** Exercise data follows **

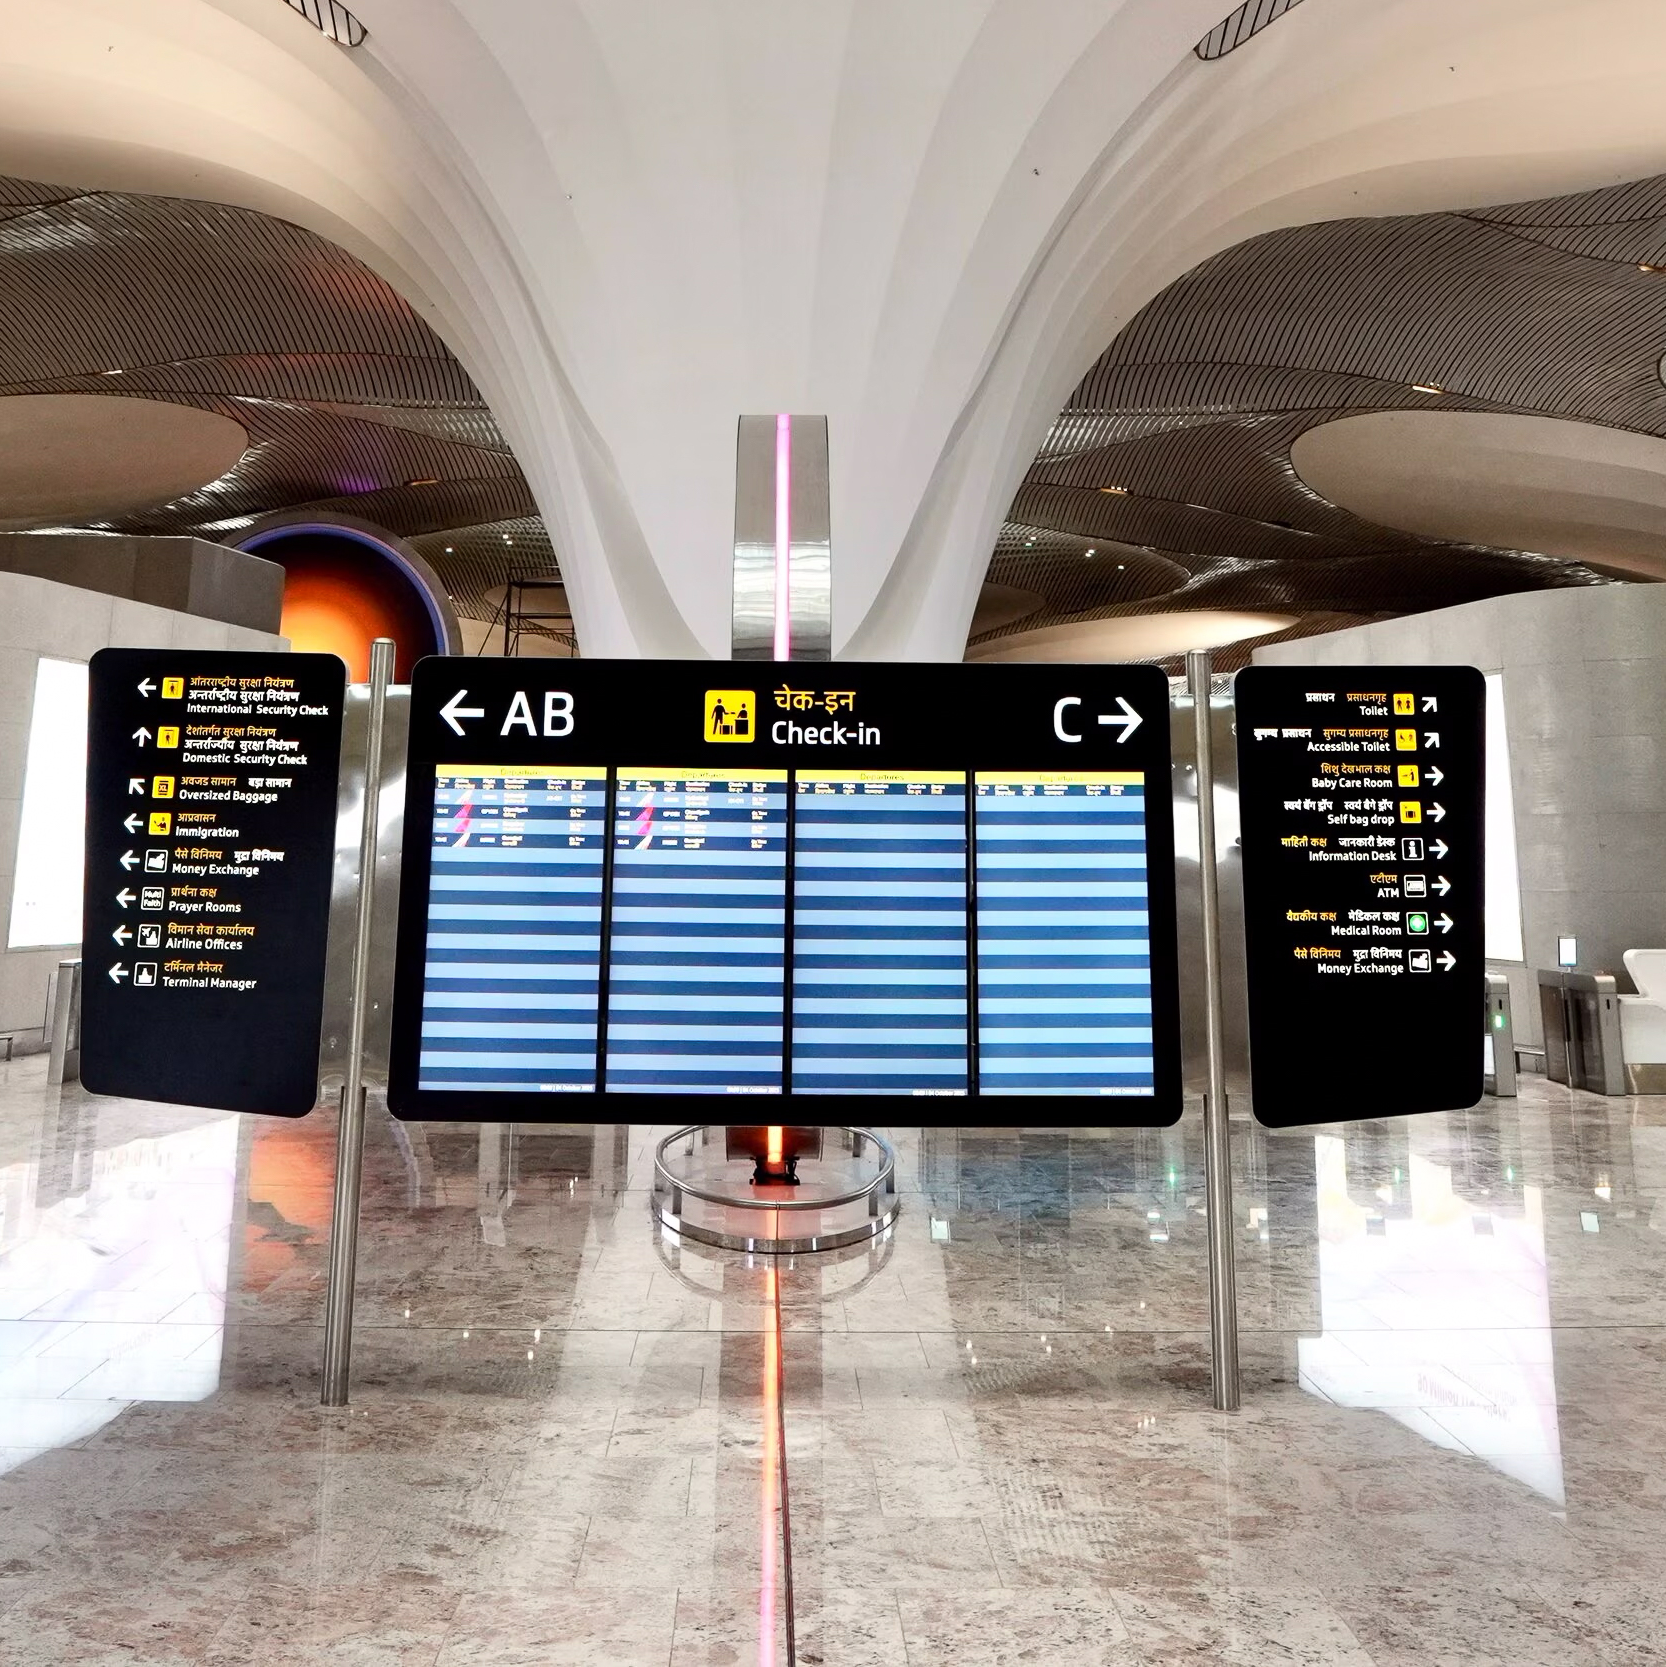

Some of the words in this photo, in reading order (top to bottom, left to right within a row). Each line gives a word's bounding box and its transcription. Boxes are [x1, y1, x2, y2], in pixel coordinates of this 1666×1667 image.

[239, 678, 261, 690] सुरक्षा
[264, 677, 294, 688] नियंत्रण
[773, 684, 855, 714] चेक-इन
[187, 703, 252, 714] International
[256, 704, 297, 717] Security
[299, 705, 328, 716] Check
[501, 691, 575, 737] AB
[1359, 706, 1388, 715] Toilet
[1053, 696, 1082, 742] C
[771, 718, 880, 746] Check-in
[1307, 742, 1359, 751] Accessible
[1361, 742, 1390, 751] Toilet
[183, 752, 230, 764] Domestic
[233, 754, 276, 766] Security
[277, 754, 307, 765] Check
[1312, 778, 1337, 790] Baby
[1339, 778, 1361, 788] Care
[1363, 778, 1392, 788] Room
[179, 789, 231, 800] Oversized
[233, 791, 278, 803] Baggage
[1327, 814, 1348, 824] Self
[1350, 814, 1368, 826] bag
[1371, 814, 1394, 826] drop
[175, 826, 239, 839] Immigration
[1309, 851, 1369, 861] Information
[1371, 851, 1397, 861] Desk
[172, 863, 207, 876] Money
[209, 864, 259, 877] Exchange
[1377, 888, 1399, 897] ATM
[168, 901, 203, 914] Prayer
[205, 902, 241, 912] Rooms
[1331, 925, 1370, 935] Medical
[1372, 925, 1401, 935] Room
[165, 938, 202, 949] Airline
[205, 938, 242, 950] Offices
[1318, 963, 1352, 975] Money
[1354, 963, 1403, 975] Exchange
[162, 976, 208, 988] Terminal
[210, 977, 257, 991] Manager

** End of Exercise data **

> [What to produce]: Each entry must be set down word for word; no image may be carried over.

> [Your solution]:
Some of the words in this photo, in reading order (top to bottom, left to right within a row). Each line gives a word's bounding box and its transcription. Boxes are [x1, y1, x2, y2], in pixel coordinates of this 1666×1667 image.

[239, 678, 261, 690] सुरक्षा
[264, 677, 294, 688] नियंत्रण
[773, 684, 855, 714] चेक-इन
[187, 703, 252, 714] International
[256, 704, 297, 717] Security
[299, 705, 328, 716] Check
[501, 691, 575, 737] AB
[1359, 706, 1388, 715] Toilet
[1053, 696, 1082, 742] C
[771, 718, 880, 746] Check-in
[1307, 742, 1359, 751] Accessible
[1361, 742, 1390, 751] Toilet
[183, 752, 230, 764] Domestic
[233, 754, 276, 766] Security
[277, 754, 307, 765] Check
[1312, 778, 1337, 790] Baby
[1339, 778, 1361, 788] Care
[1363, 778, 1392, 788] Room
[179, 789, 231, 800] Oversized
[233, 791, 278, 803] Baggage
[1327, 814, 1348, 824] Self
[1350, 814, 1368, 826] bag
[1371, 814, 1394, 826] drop
[175, 826, 239, 839] Immigration
[1309, 851, 1369, 861] Information
[1371, 851, 1397, 861] Desk
[172, 863, 207, 876] Money
[209, 864, 259, 877] Exchange
[1377, 888, 1399, 897] ATM
[168, 901, 203, 914] Prayer
[205, 902, 241, 912] Rooms
[1331, 925, 1370, 935] Medical
[1372, 925, 1401, 935] Room
[165, 938, 202, 949] Airline
[205, 938, 242, 950] Offices
[1318, 963, 1352, 975] Money
[1354, 963, 1403, 975] Exchange
[162, 976, 208, 988] Terminal
[210, 977, 257, 991] Manager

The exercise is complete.